[[ THE INPUT, beginning ]]

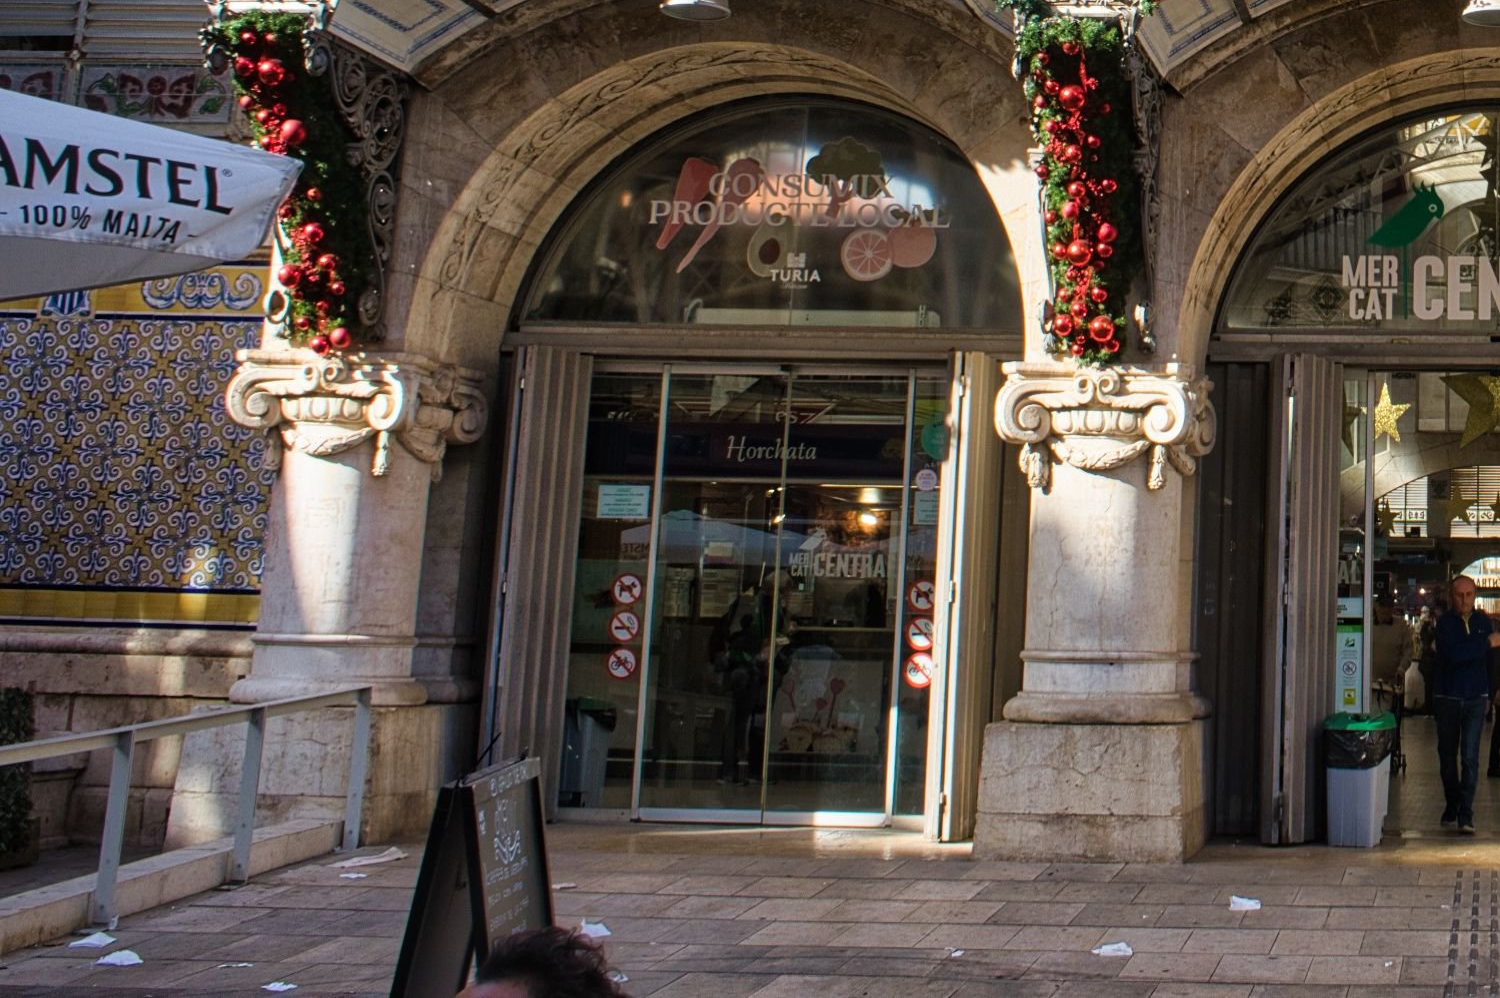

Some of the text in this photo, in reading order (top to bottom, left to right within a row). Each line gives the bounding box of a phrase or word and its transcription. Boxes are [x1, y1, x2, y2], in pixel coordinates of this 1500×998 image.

[709, 172, 895, 199] CONSUMIX
[19, 203, 182, 245] 100% MALTA
[648, 199, 951, 229] PRODUCTE LOCAL
[769, 268, 822, 283] TURIA
[1341, 255, 1399, 288] MER
[1348, 288, 1399, 321] CAT
[726, 435, 818, 462] Horchata
[789, 552, 810, 565] MER
[790, 565, 809, 577] CAT
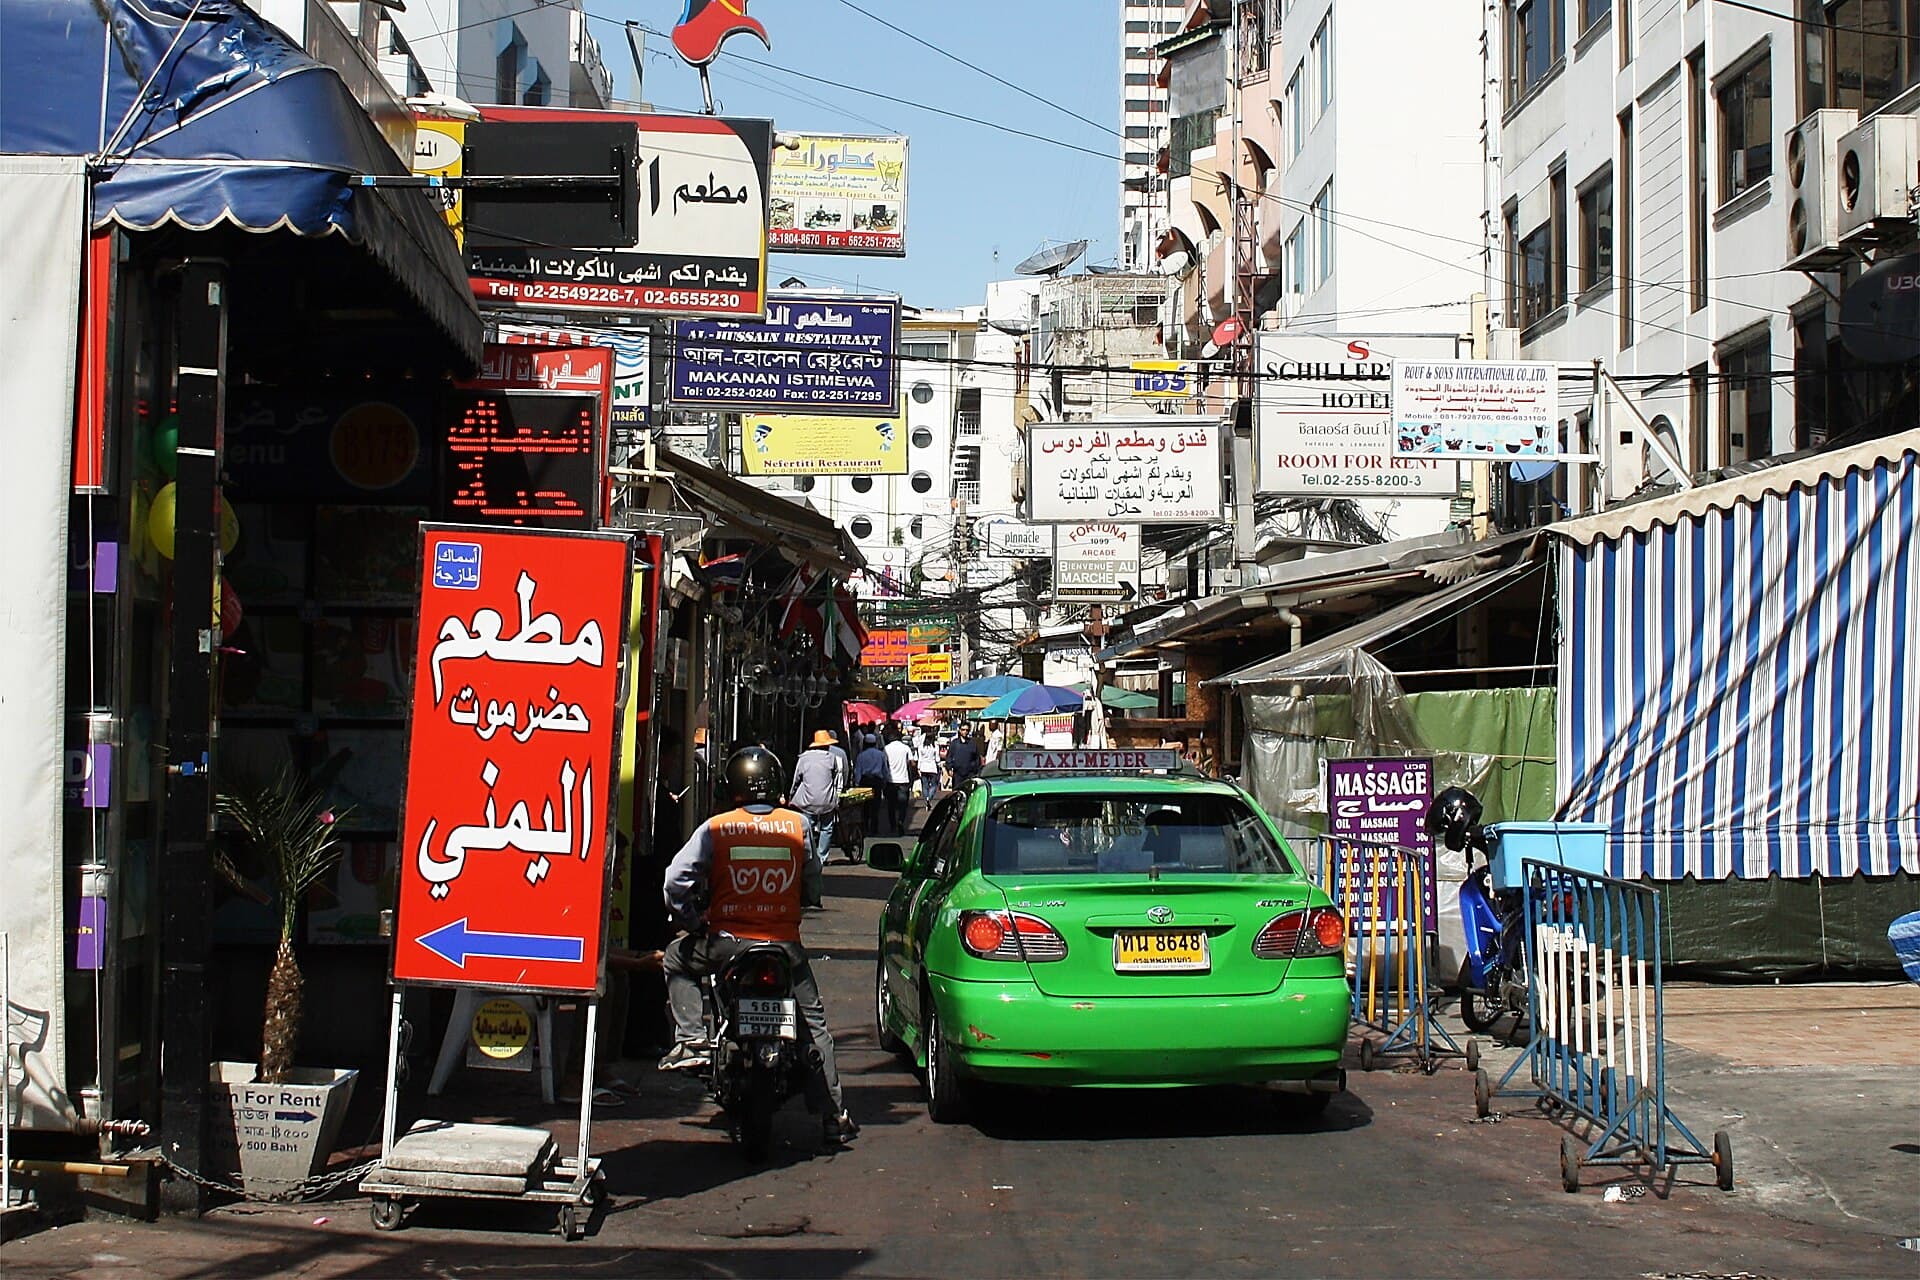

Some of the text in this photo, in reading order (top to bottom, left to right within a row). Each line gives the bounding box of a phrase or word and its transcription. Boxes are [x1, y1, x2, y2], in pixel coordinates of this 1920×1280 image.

[673, 172, 747, 216] مطعم
[826, 234, 840, 245] Fax
[669, 264, 700, 286] لكم
[704, 266, 748, 288] يقدم
[489, 282, 740, 308] Tel: 02-2549226-7, 02-6555230
[688, 329, 882, 347] AL-HUSSAIN RESTAURANT
[1347, 340, 1370, 360] S
[688, 371, 875, 388] MAKANAN ISTIMEWA
[1404, 366, 1424, 379] ROUF
[1426, 366, 1433, 379] &
[1434, 367, 1453, 380] SONS
[1456, 367, 1515, 381] INTERNATIONAL
[682, 386, 882, 401] Tel: 02-252-0240 Fax: 02-251-7295
[1298, 421, 1350, 437] ชิลเลอร์ส
[1353, 421, 1381, 437] อินน์
[1041, 430, 1110, 453] الفردوس
[1170, 428, 1208, 453] فندق
[229, 443, 287, 465] enu
[1091, 453, 1159, 466] يرحب بكم
[1277, 454, 1440, 470] ROOM FOR RENT
[764, 459, 883, 468] Nefertiti Restaurant
[1148, 466, 1160, 483] لكم
[1163, 466, 1192, 483] ويقدم
[1302, 474, 1422, 487] Tel.02-255-8200-3
[1058, 483, 1099, 504] اللبنانية
[1107, 502, 1142, 517] حلال
[1005, 530, 1040, 548] pinnacle
[1069, 522, 1128, 543] FORTUNA
[438, 547, 478, 564] أسماك
[1059, 561, 1137, 572] BIENVENUE AU
[435, 565, 478, 586] طازجة
[1061, 573, 1115, 583] MARCHE
[1058, 588, 1130, 596] Wholesale market
[431, 569, 604, 711] مطعم
[450, 685, 591, 743] حضرموت
[1032, 751, 1149, 768] TAXI-METER
[1335, 772, 1427, 797] MASSAGE
[1337, 796, 1424, 818] مساج
[417, 756, 593, 902] اليمني
[719, 815, 795, 836] เขตวัฒนา
[1336, 818, 1351, 829] OIL
[1361, 817, 1399, 829] MASSAGE
[1361, 832, 1400, 844] MASSAGE
[1341, 847, 1359, 859] OT
[1364, 847, 1399, 859] ASAE
[728, 856, 796, 894] ๒๗
[1120, 934, 1200, 952] ทน 8648
[245, 1091, 275, 1105] For
[280, 1093, 321, 1107] Rent
[246, 1141, 267, 1151] 500
[270, 1142, 298, 1152] Baht
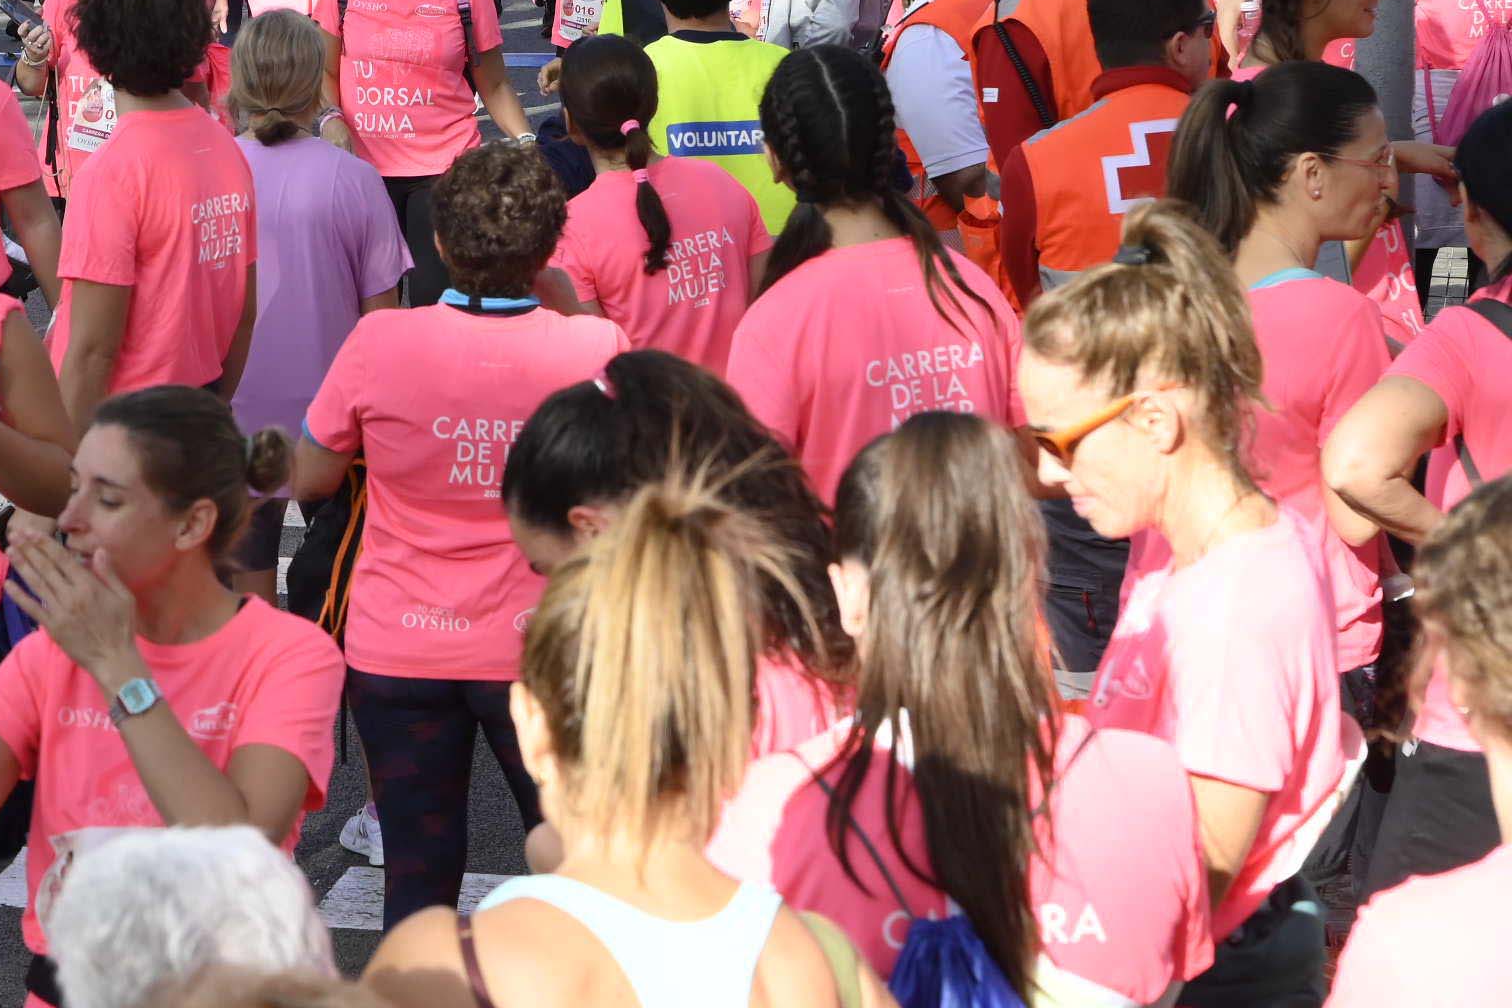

[[ THE INPUT, end ]]

Output a verbatim copy of all entries above; no pictures go in it.

Some of the text in this photo, in reading order (top to bottom, left to right within a row). Each line gives the bounding box of a phrase or word and its transcription. Boxes are [x1, y1, x2, y2], in pixel coordinates of this 1500×998 image.

[709, 172, 895, 199] CONSUMIX
[19, 203, 182, 245] 100% MALTA
[648, 199, 951, 229] PRODUCTE LOCAL
[769, 268, 822, 283] TURIA
[1341, 255, 1399, 288] MER
[1348, 288, 1399, 321] CAT
[726, 435, 818, 462] Horchata
[789, 552, 810, 565] MER
[790, 565, 809, 577] CAT

Some of the text in this photo, in reading order (top to bottom, left to right within a row). Each line gives the bounding box of a phrase or word and its transcription. Boxes are [x1, y1, x2, y2], in pixel coordinates of this 1920×1280 image.

[673, 172, 747, 216] مطعم
[826, 234, 840, 245] Fax
[669, 264, 700, 286] لكم
[704, 266, 748, 288] يقدم
[489, 282, 740, 308] Tel: 02-2549226-7, 02-6555230
[688, 329, 882, 347] AL-HUSSAIN RESTAURANT
[1347, 340, 1370, 360] S
[688, 371, 875, 388] MAKANAN ISTIMEWA
[1404, 366, 1424, 379] ROUF
[1426, 366, 1433, 379] &
[1434, 367, 1453, 380] SONS
[1456, 367, 1515, 381] INTERNATIONAL
[682, 386, 882, 401] Tel: 02-252-0240 Fax: 02-251-7295
[1298, 421, 1350, 437] ชิลเลอร์ส
[1353, 421, 1381, 437] อินน์
[1041, 430, 1110, 453] الفردوس
[1170, 428, 1208, 453] فندق
[229, 443, 287, 465] enu
[1091, 453, 1159, 466] يرحب بكم
[1277, 454, 1440, 470] ROOM FOR RENT
[764, 459, 883, 468] Nefertiti Restaurant
[1148, 466, 1160, 483] لكم
[1163, 466, 1192, 483] ويقدم
[1302, 474, 1422, 487] Tel.02-255-8200-3
[1058, 483, 1099, 504] اللبنانية
[1107, 502, 1142, 517] حلال
[1005, 530, 1040, 548] pinnacle
[1069, 522, 1128, 543] FORTUNA
[438, 547, 478, 564] أسماك
[1059, 561, 1137, 572] BIENVENUE AU
[435, 565, 478, 586] طازجة
[1061, 573, 1115, 583] MARCHE
[1058, 588, 1130, 596] Wholesale market
[431, 569, 604, 711] مطعم
[450, 685, 591, 743] حضرموت
[1032, 751, 1149, 768] TAXI-METER
[1335, 772, 1427, 797] MASSAGE
[1337, 796, 1424, 818] مساج
[417, 756, 593, 902] اليمني
[719, 815, 795, 836] เขตวัฒนา
[1336, 818, 1351, 829] OIL
[1361, 817, 1399, 829] MASSAGE
[1361, 832, 1400, 844] MASSAGE
[1341, 847, 1359, 859] OT
[1364, 847, 1399, 859] ASAE
[728, 856, 796, 894] ๒๗
[1120, 934, 1200, 952] ทน 8648
[245, 1091, 275, 1105] For
[280, 1093, 321, 1107] Rent
[246, 1141, 267, 1151] 500
[270, 1142, 298, 1152] Baht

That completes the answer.